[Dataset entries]
━━━━━━━━━━

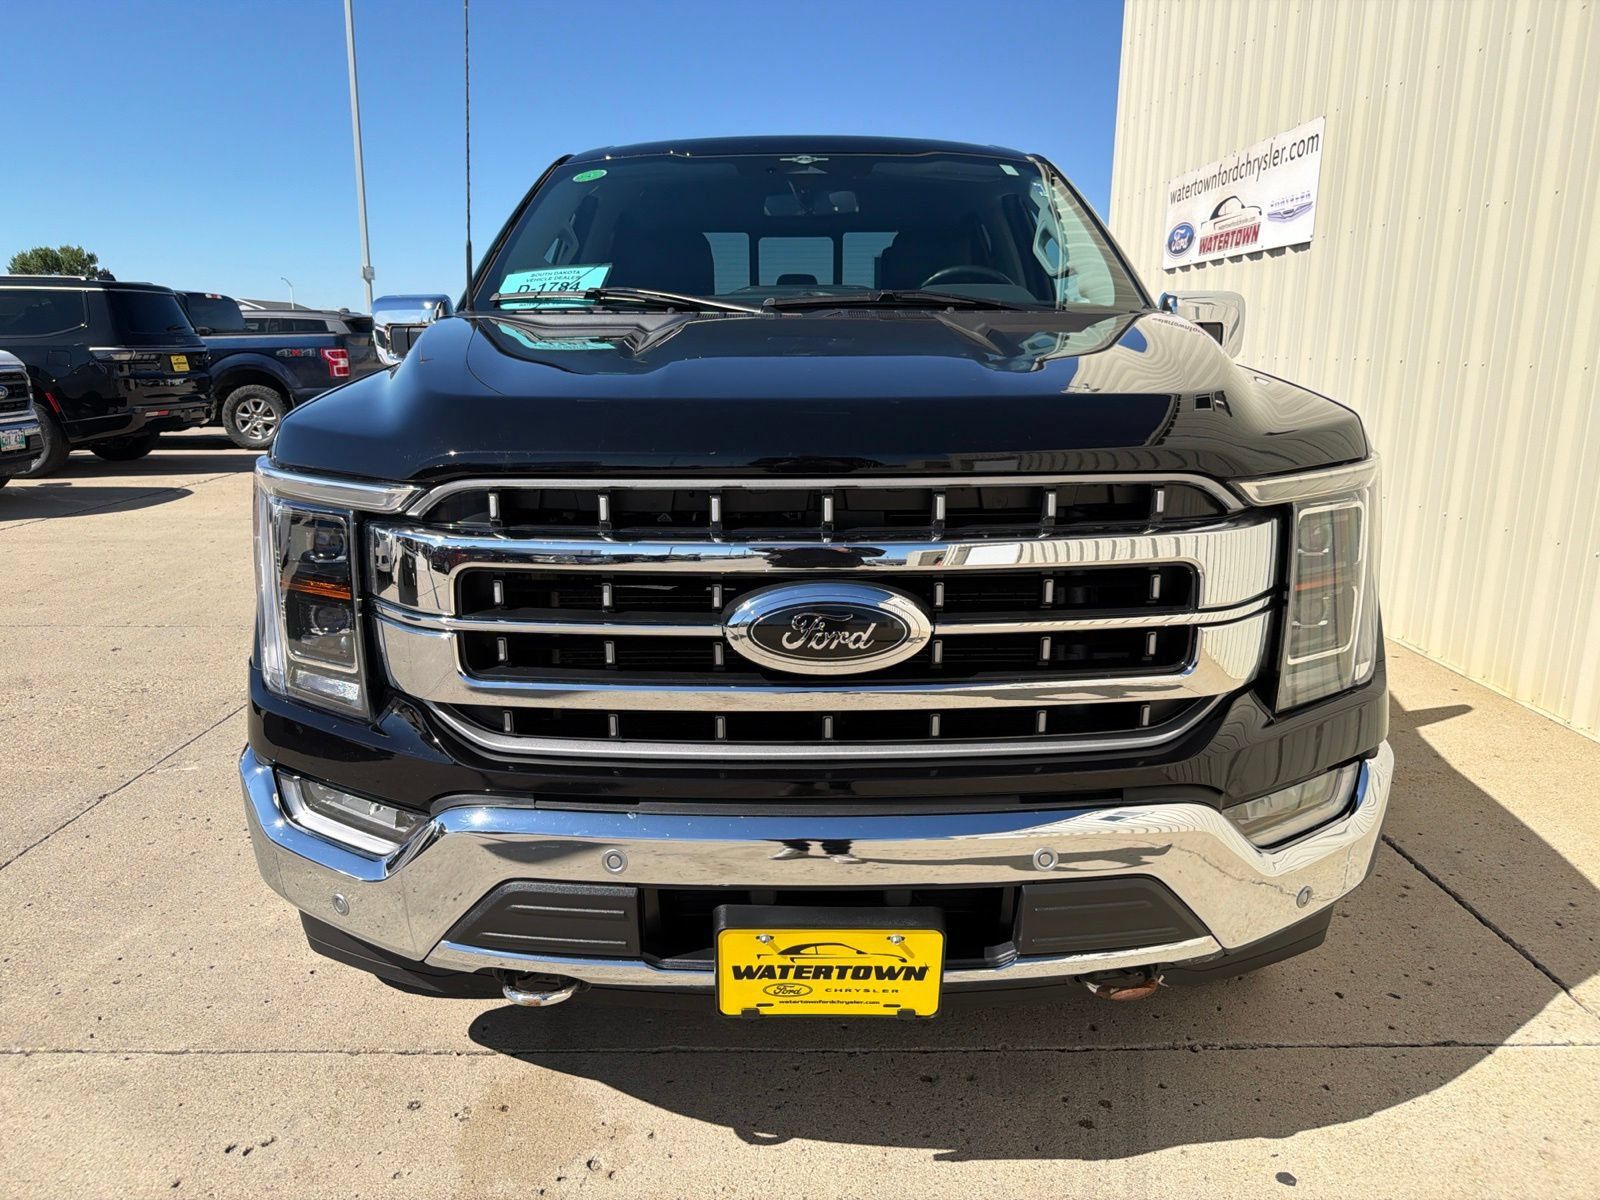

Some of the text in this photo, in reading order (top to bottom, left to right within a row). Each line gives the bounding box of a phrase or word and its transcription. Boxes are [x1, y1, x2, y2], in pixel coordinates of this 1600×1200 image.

[1170, 133, 1320, 205] watertownfordchrysler.com
[1199, 223, 1261, 256] WATERTOWN
[782, 613, 876, 649] Ford
[732, 964, 929, 981] WATERTOWN
[773, 984, 801, 995] Ford
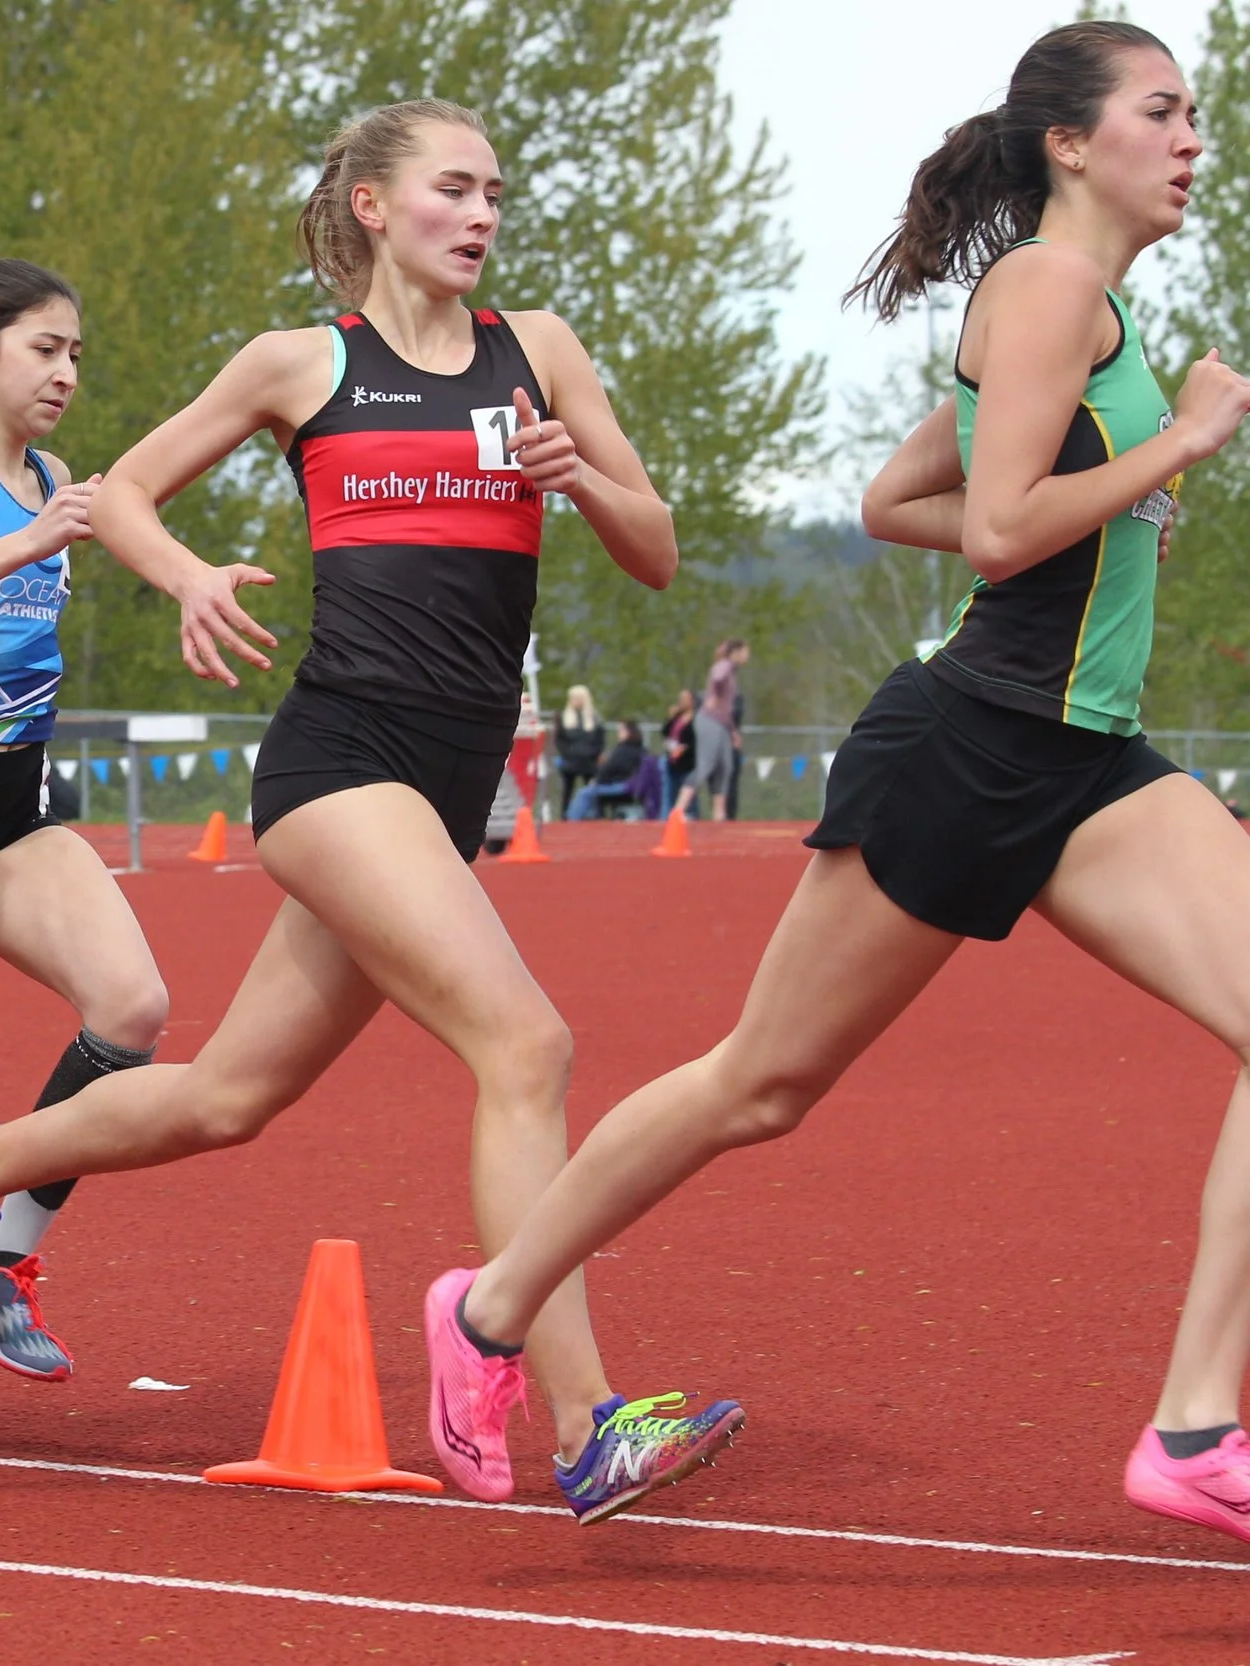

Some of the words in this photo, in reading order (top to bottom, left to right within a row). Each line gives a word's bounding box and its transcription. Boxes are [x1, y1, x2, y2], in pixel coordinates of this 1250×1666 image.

[369, 391, 422, 403] KUKRI
[488, 410, 522, 466] 1
[343, 471, 428, 504] Hershey
[435, 471, 518, 502] Harriers
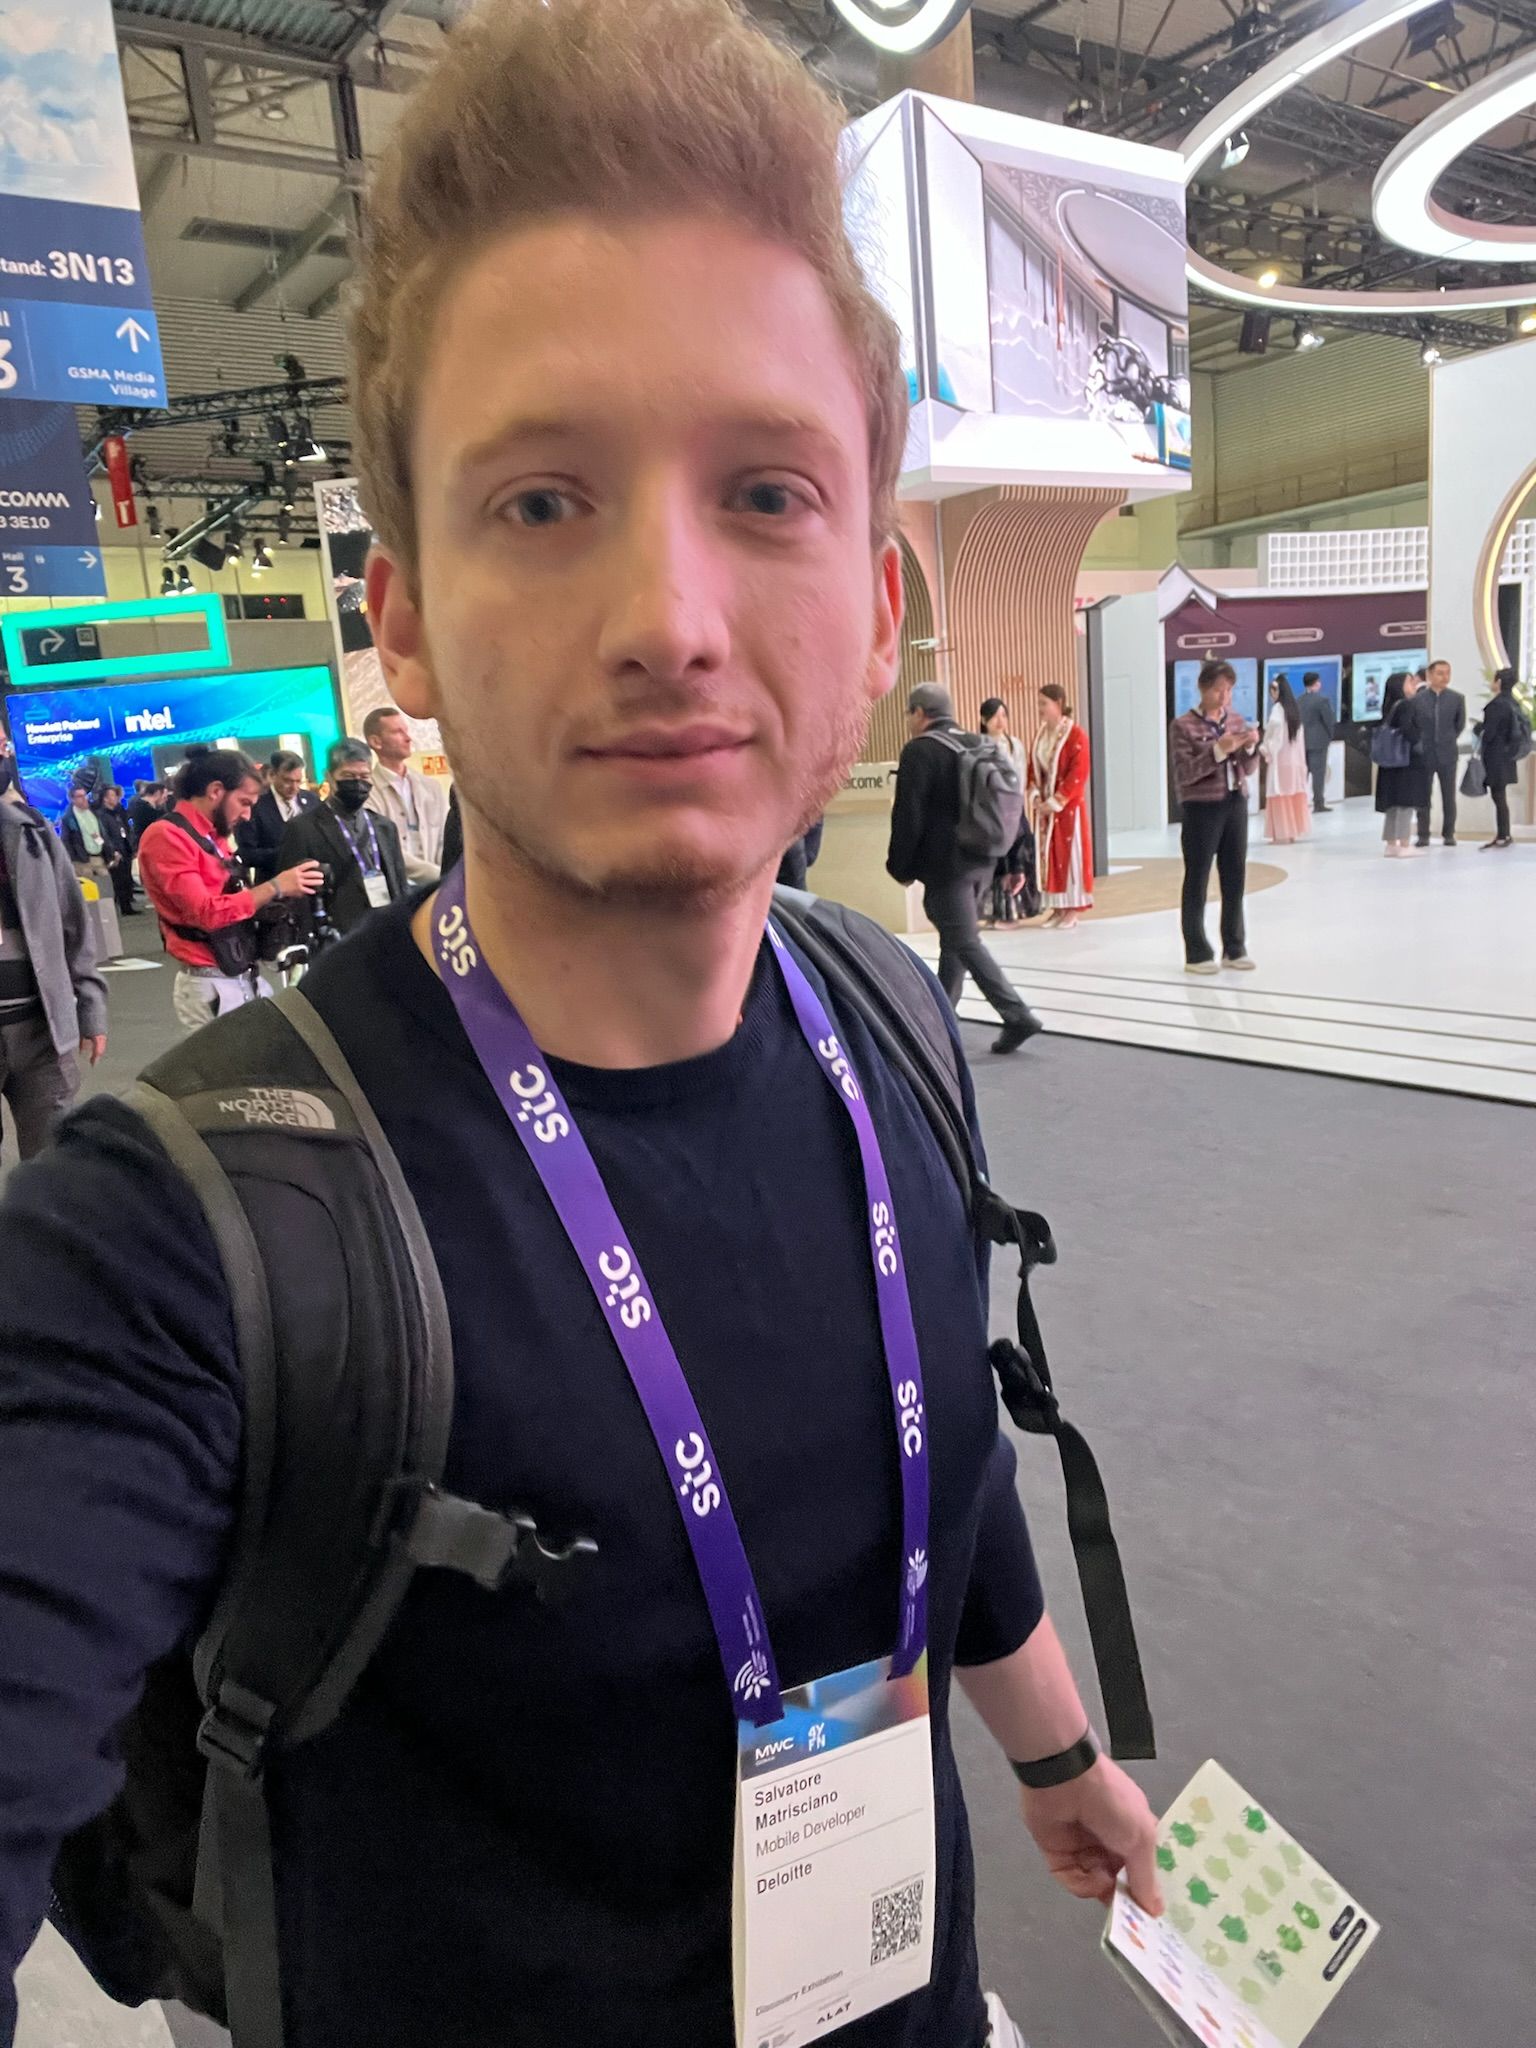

━━━━━━━━━━

# Directions
Omit the pictures, then copy out all the data exactly as it stands.

# Exercise output
Some of the text in this photo, in reading order (top to bottom, left to right within a row). Each line gives the bounding box of a phrase or word and its transcription. Boxes are [x1, y1, x2, y2], in pixel coordinates of this 1600×1200 image.

[1170, 133, 1320, 205] watertownfordchrysler.com
[1199, 223, 1261, 256] WATERTOWN
[782, 613, 876, 649] Ford
[732, 964, 929, 981] WATERTOWN
[773, 984, 801, 995] Ford

Some of the words in this photo, in reading order (top to bottom, left to right within a row). Each line gives a word's bounding box and its transcription. Boxes are [x1, y1, x2, y2], in pixel coordinates of this 1250×1666 image.

[369, 391, 422, 403] KUKRI
[488, 410, 522, 466] 1
[343, 471, 428, 504] Hershey
[435, 471, 518, 502] Harriers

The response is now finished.